MS. OWEN: Absolutely.

SEN. SESSIONS: Well, I think you handled this precisely right. And I'm sorry Senator Schumer was unhappy with your answer, but you were -- you handled it precisely like a judge should answer it. How should you -- how could you be expected to put yourself back into that circumstance, without having read all the briefs, without having studied the law carefully, and to render an opinion on a case of that importance. I note Senator Schumer left, and recently he complimented Justice Hugo Black of the Supreme Court on his views on the Constitution, and, of course, Hugo Black dissented in Griswold (sp). So, these things are of interest in -- I guess fun to talk about, but in reality, as a person who is being considered for a judgeship, I think you demonstrated the right characteristics in a judge, that is to be cautious not to express opinions until you've fully studied all the briefs, all the law involved, as your record demonstrates you do so skillfully.

And I would just note that your testimony has been extraordinary. I have been very impressed with your command of the cases you've handled, the hundreds that you've handled. I've been very impressed with your ability to articulate your thoughts in a reasoned and fair way. I see no hint of extremism or activism or some obsession with forcing some political agenda on anybody -- not one hint of it. And it's disturbing, actually, to have those comments being made. I just don't believe there's one hint of it.

Justice Owen, I've been also impressed, as Senator Gramm and Senator Hatch noted, that you came at this service to the Supreme Court of Texas because of a desire to serve. It cost you, I'm sure, financially significantly. You have won reelection with 84 percent of the vote. The American Bar Association, who this committee insisted must have a bigger role than they've had in recent years, and in the process has unanimously rated you well qualified -- that's the highest rating you can get -- and a unanimous vote for well qualified is very rare. And they had the opportunity to study your record. They've had -- they've seen you on the bench. And they've talked to your former law partners. They've talked to lawyers who have litigated against you. They know your reputation and your ability, and I think they made a well and a wise choice in rating you well qualified unanimously. I must -- I have to be impressed with your academic record -- number two or three in your class, the -- made the highest score on the bar exam. What an accomplishment that is in a big state like Texas particularly. So, I just think you have so much to be proud of, and I particularly like your demeanor and the way you've handled yourself under some of the questions that have been brought forward.
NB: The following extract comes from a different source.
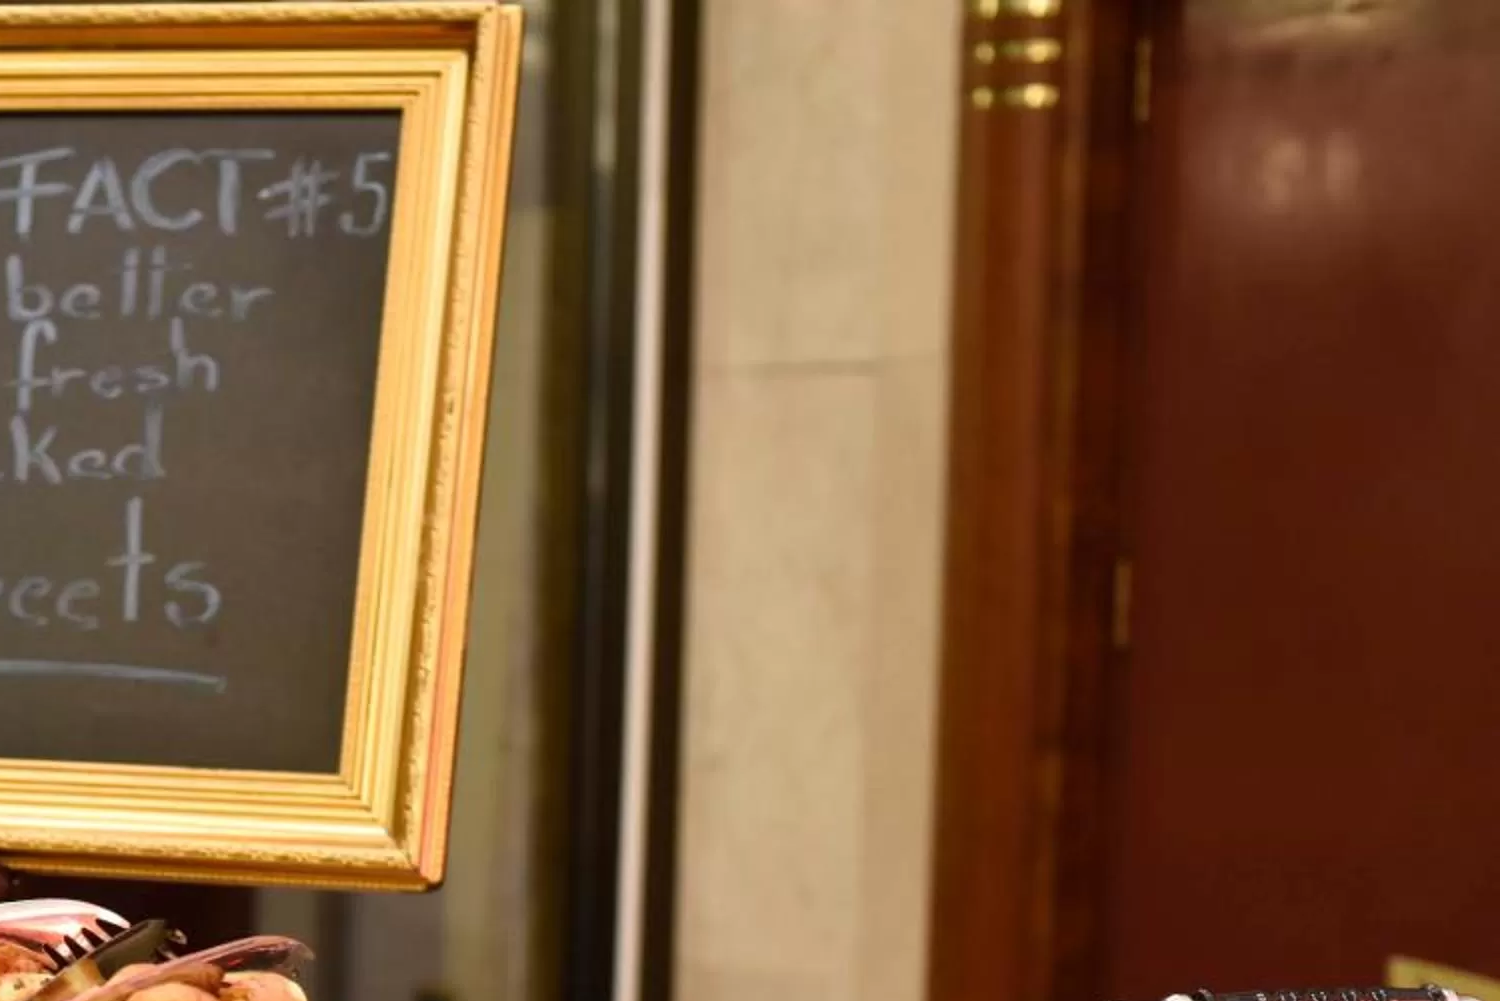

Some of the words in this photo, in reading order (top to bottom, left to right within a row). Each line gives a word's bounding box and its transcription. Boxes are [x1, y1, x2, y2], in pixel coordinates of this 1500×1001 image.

And I also note, it seems to me that you've not been just a potted plant, you have been a reformer in your life on the law about the rule of law. Tell me how you feel about the responsibility of a judge or a public official -- what is their responsibility about defending and strengthening the rule of law in America?

MS. OWEN: Well, I think that's the ultimate responsibility, is to defend and strengthen the rule of law in America. I think we all understand that our society is built on laws, and that that is what basically orders our society -- that helps us plan, that helps us have predictability. It helps us have stability. It helps us know that cases won't be decided randomly based on sympathy or passion or when they should be decided another way under the law. So I think the rule of law is very important, that it's consistently and fairly, but with common sense, applied in every case.

SEN. SESSIONS: Well now is that why when you are asked to rule on a case you just don't spout off the answer as some would have you do in this hearing -- but is that why go back and you take the Texas statute on notification, parental notification, and then you know that it passed during a time in which they were considering the Supreme Court ruling as they tried to craft a statute for Texas? Is that why you went back and studied the U.S. Supreme Court cases to try to understand what Texas was trying to do so that you could give a fair and objective answer as to what the statute really meant and what the legislature intended?

MS. OWEN: Yes, Senator -- (inaudible) -- if I could explain this, maybe I have not done a very good job of it yet, but when the legislature used the words "mature and sufficiently well informed," that could mean a lot of different things to different judges all across Texas. And so given that that was of a Morpheus (?) definition, I thought where did they come up with these words? What did -- what definition did they have in their minds when they picked these words? And then when I went and read the Supreme Court cases that they pulled the exact language out of, I looked at how did the U.S. Supreme Court define informed? What did they say is relevant to an informed consent? How did they define informed consent? And I believed that the legislature was looking to the cases out of which it picked the words mature and sufficiently well informed, for us to glean what the actual definition was, what the factors that courts were to consider in deciding if someone was making an informed decision.

SEN. SESSIONS: Well, I think that's what a great jurist does, and I think you've handled that -- you did it exactly right. That's precisely what should be done.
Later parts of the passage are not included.